Handball Die Sehnsucht des THW Kiel beginnt heute in Düsseldorf
Düsseldorf · THW-Geschäftsführer Viktor Szilagyi will Meister werden. Doch vor dem Meisterschaftsstart der Kieler steigt der Supercup gegen Flensburg.
Zweimal die SG Flensburg-Handewitt, davor zweimal die Rhein-Neckar-Löwen aus Mannheim. Seit 2015 wartet der THW Kiel jetzt schon auf den Gewinn der Deutschen Handball-Meisterschaft. Vier Jahre ohne die nationale Krone, das hätte bei Fußball-Primus FC Bayern München den Notstand ausgerufen. Beim Handball-Rekordmeister hingegen wird dies relativ nüchtern betrachtet.
„Es wurde sich ja ganz bewusst für einen Umbruch entschieden und auf viele jüngere Spieler gesetzt. Natürlich hatte der THW Kiel dennoch das Ziel, Meister zu werden. Es gilt jedoch auch, die Leistung der Konkurrenten zu honorieren und aus ihr zu lernen“, sagt Kiels Geschäftsführer Viktor Szilagyi.
Respekt sowie Demut trotz des Dürstens nach Erfolg – das unterscheidet den Handball nach wie vor von den beiden anderen großen deutschen Mannschaftssportarten Fußball und Eishockey. Natürlich blieb es beim THW Kiel auch deshalb ruhig, weil er nicht nur ein äußerst sachverständiges Publikum hinter sich weiß, sondern auch den Trophäenschrank nicht gänzlich ungefüllt ließ.

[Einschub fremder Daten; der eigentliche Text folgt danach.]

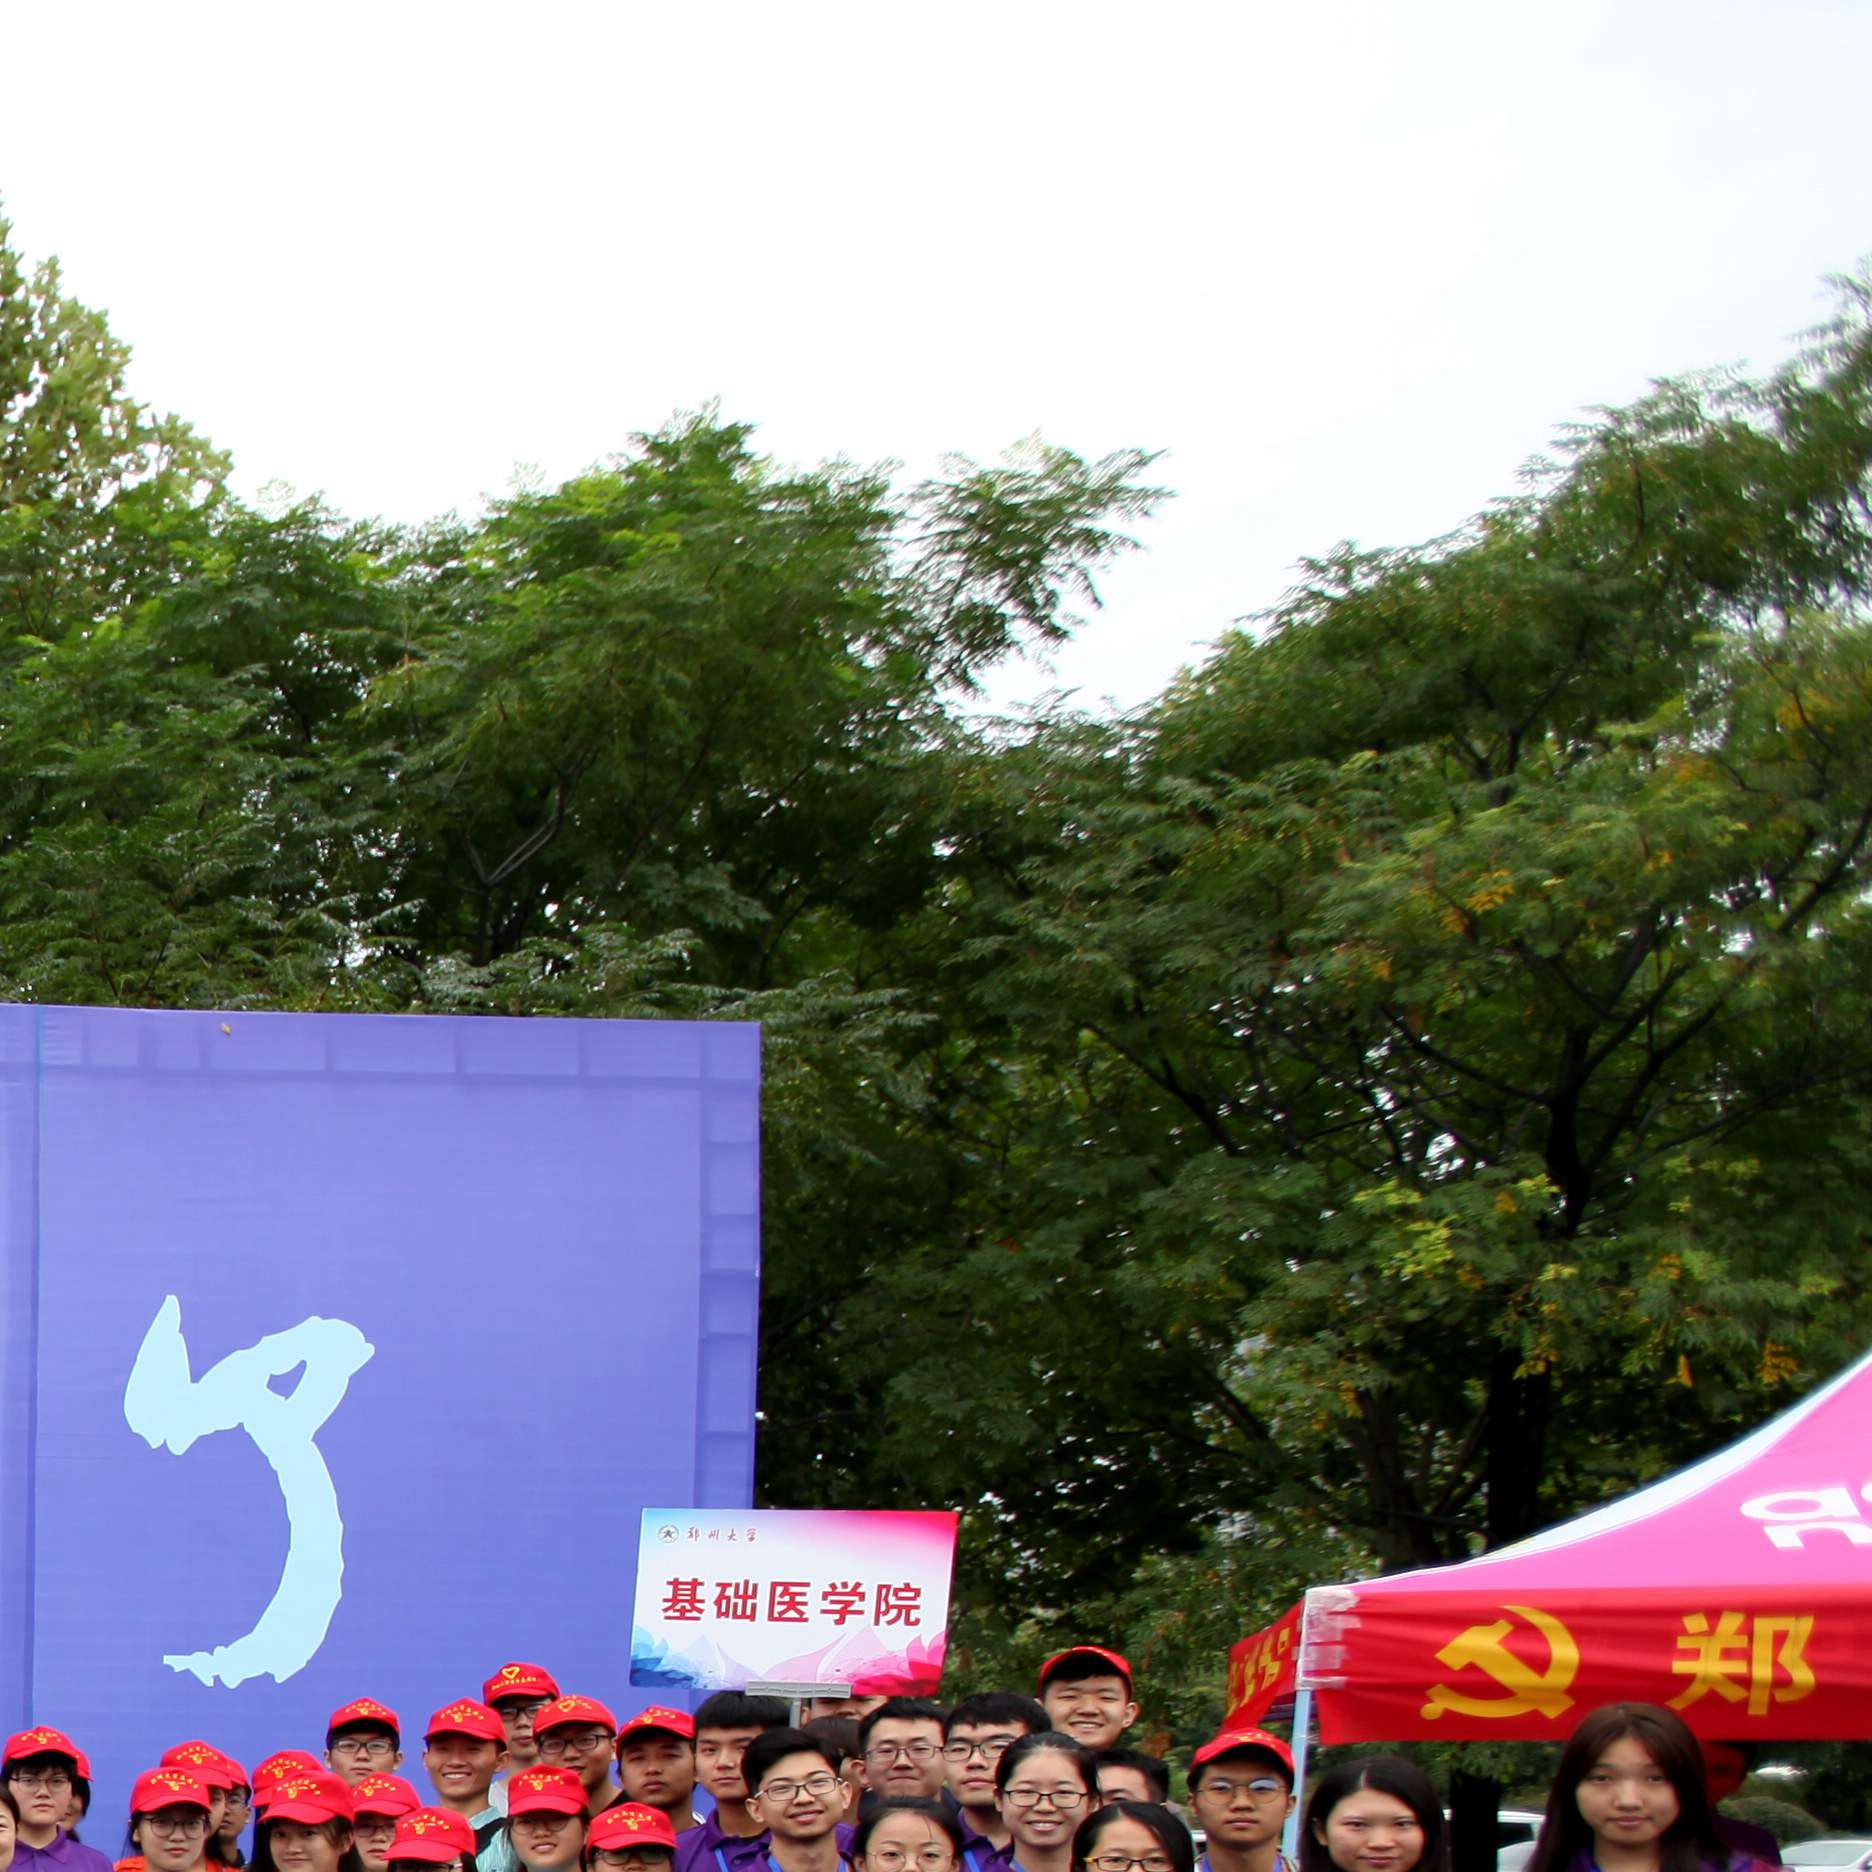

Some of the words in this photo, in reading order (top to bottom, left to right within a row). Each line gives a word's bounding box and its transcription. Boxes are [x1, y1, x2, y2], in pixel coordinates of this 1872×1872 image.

2017 sowie 2019 wurde der Pokal gewonnen, 2019 zudem der mit der Europa League im Fußball vergleichbare EHF-Cup geholt. Die vergangene Saison also war erfolgreich und sie hat den Hunger in Verein wie in der Stadt geweckt. „Zwei Titel sind überragend, dazu haben wir mit 62:6 Punkten eine ganz starke Bundesliga-Runde gespielt. Es gab halt einen Verein, der es noch einen Tick besser gemacht hat. Doch wir sind auf einem guten Weg. Die Sehnsucht nach der Meisterschaft ist jedenfalls wieder spürbar groß“, sagte Viktor Szilagyi im Gespräch mit unserer Zeitung.

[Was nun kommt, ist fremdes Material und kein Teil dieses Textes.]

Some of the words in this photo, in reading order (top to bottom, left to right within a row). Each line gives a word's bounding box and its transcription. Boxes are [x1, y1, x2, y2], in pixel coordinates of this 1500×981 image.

Seit Januar 2018 ist der in Budapest geborene Österreicher beim THW Kiel in verantwortlicher Position. Davor hatte er als sportlicher Leiter dem Bergischen HC in die Erfolgsspur verholfen. Szilagyi ist gut vernetzt. Für den BHC lotste er den schwedischen Kreisläufer Max Darj an die Wupper, für 2020 konnte er mit Sander Sagosen den derzeit wohl besten Rückraumspieler der Welt für den THW verpflichten. Doch für Erfolg müssen auch die Rahmenbedingungen stimmen, in dieser Hinsicht hat Szilagyi ebenso viel auf den Weg gebracht.
„In der Vergangenheit hatte der THW oft mit Verletzungen zu kämpfen. Deshalb haben wir Abläufe im medizinischen Bereich verbessert und zudem erstmals einen speziellen Athletik-Trainer, der viel im individuellen Bereich mit den Spielern arbeitet, eingestellt. Wir haben in Prävention investiert“, meint Szilagyi.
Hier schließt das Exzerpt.